Los padres de uno de los muchachos  tenían una tienda de comestibles y en aquellos días regalaban como promoción un tebeo por la compra de una tableta de chocolate, por lo que disponía de ellos llevándoselos a clase y colocándolos entre las hojas de un libro para dar la impresión de que estaba estudiando mientras los leía. Cuando era sorprendido por don José le reprendía diciéndole con su gracejo. “Desgrasiao, me debes las siensias del jueves, las matemáticas de ayer y hoy no me has dado la lesión; te voy a romper la cabesa”. Pero no pasaba a mayores.

  Antonio solía llevar un bocadillo para merendar y don José se lo cogía cuando se disponía a comérselo diciendo.

  --“A ver qué manjar más suculento comes”—al tiempo que le daba un par de grandes bocados dejando muy mermado el bocadillo.

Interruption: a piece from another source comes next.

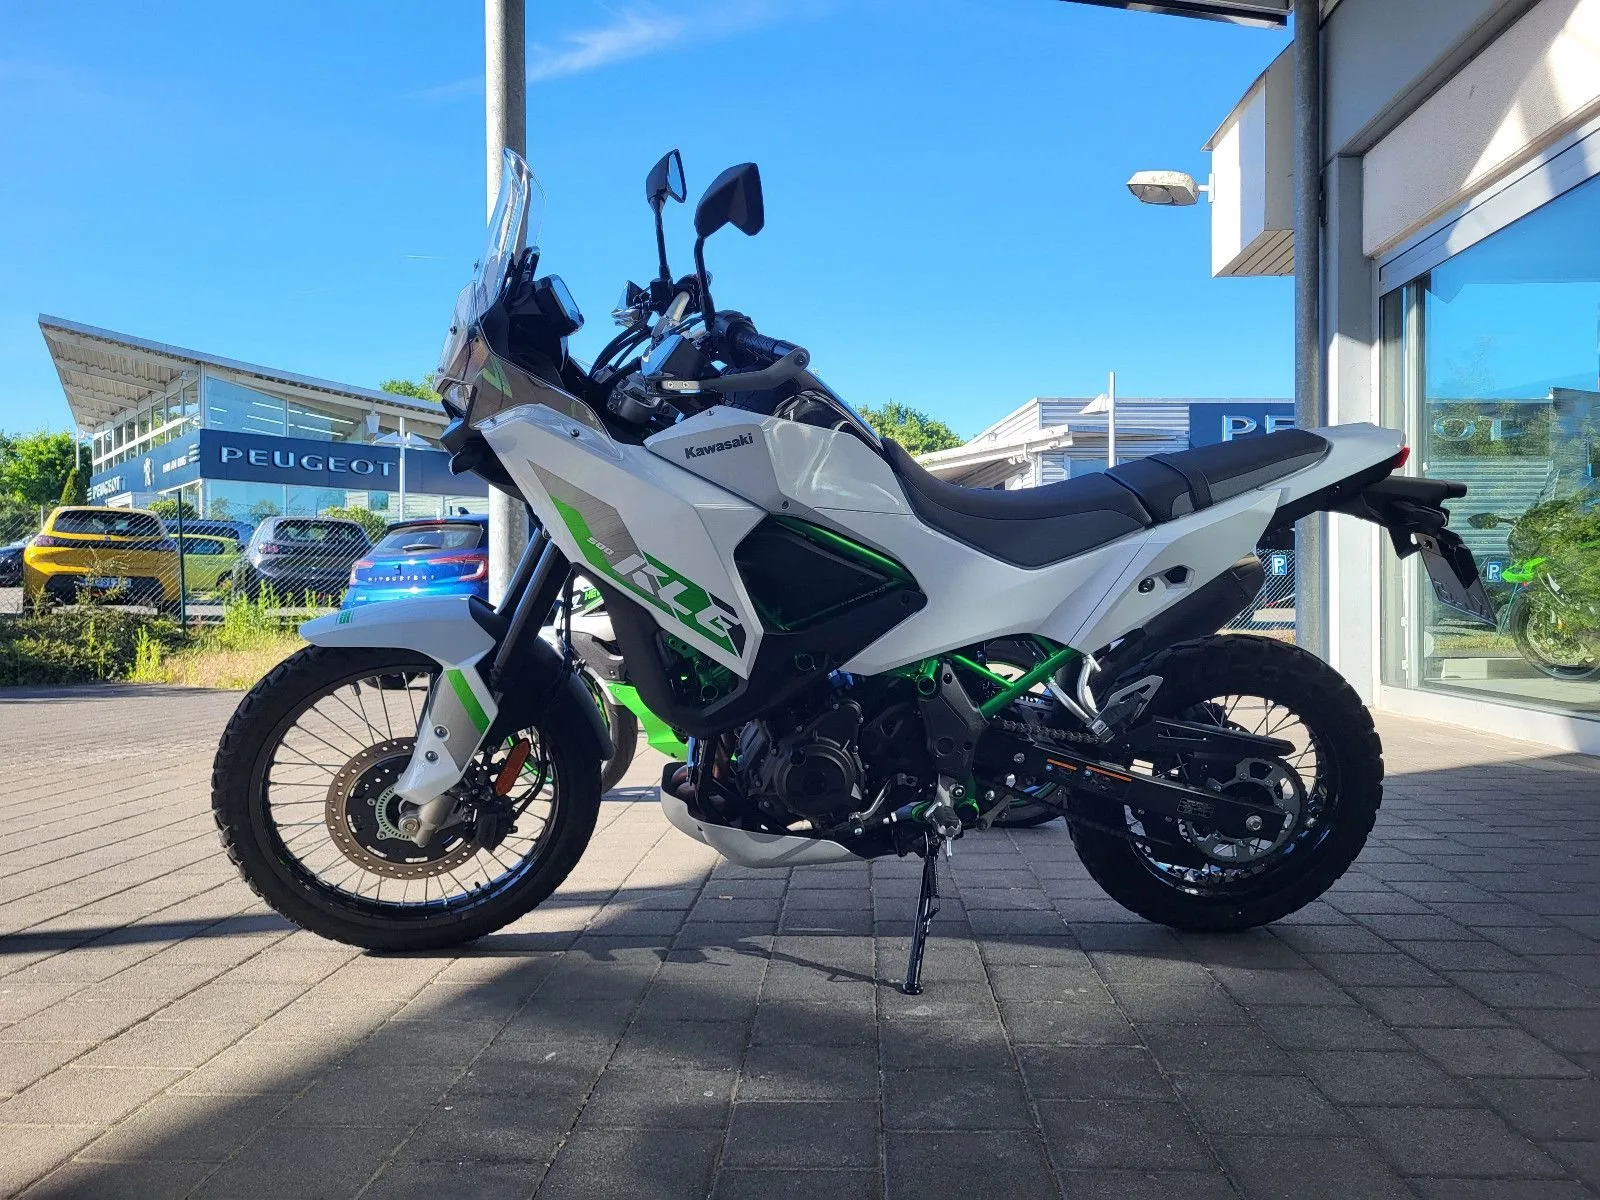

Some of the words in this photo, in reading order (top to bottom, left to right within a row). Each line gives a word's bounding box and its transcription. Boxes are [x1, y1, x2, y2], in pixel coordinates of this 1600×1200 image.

Antonio se disgustaba porque era el único al que se lo hacía dado que ningún otro muchacho solía llevar. Si algún día Antonio había empezado a morderlo, don José lo hacía por la otra punta, por lo que se las ingenió para entrar en clase con el bocadillo ya mordido por los dos extremos, de lo que se percató el maestro y le dijo.

–“Eres muy astuto Antonio. Me has ganado por la mano”—Y no volvió a realizar más la faena.

  Don José era muy bromista y le gustaba dar a los muchachos pequeños sustos como  el de meter en los cartapacios algún ratoncillo, de los que había numerosos en clase, para que al abrir y sacar algún libro salieran de los mismos provocando la sorpresa y el susto de los alumnos. Don José decía que los ratones eran alumnos internos y que estaba seguro que sabían mucho más que los propios alumnos, para risa de los muchachos.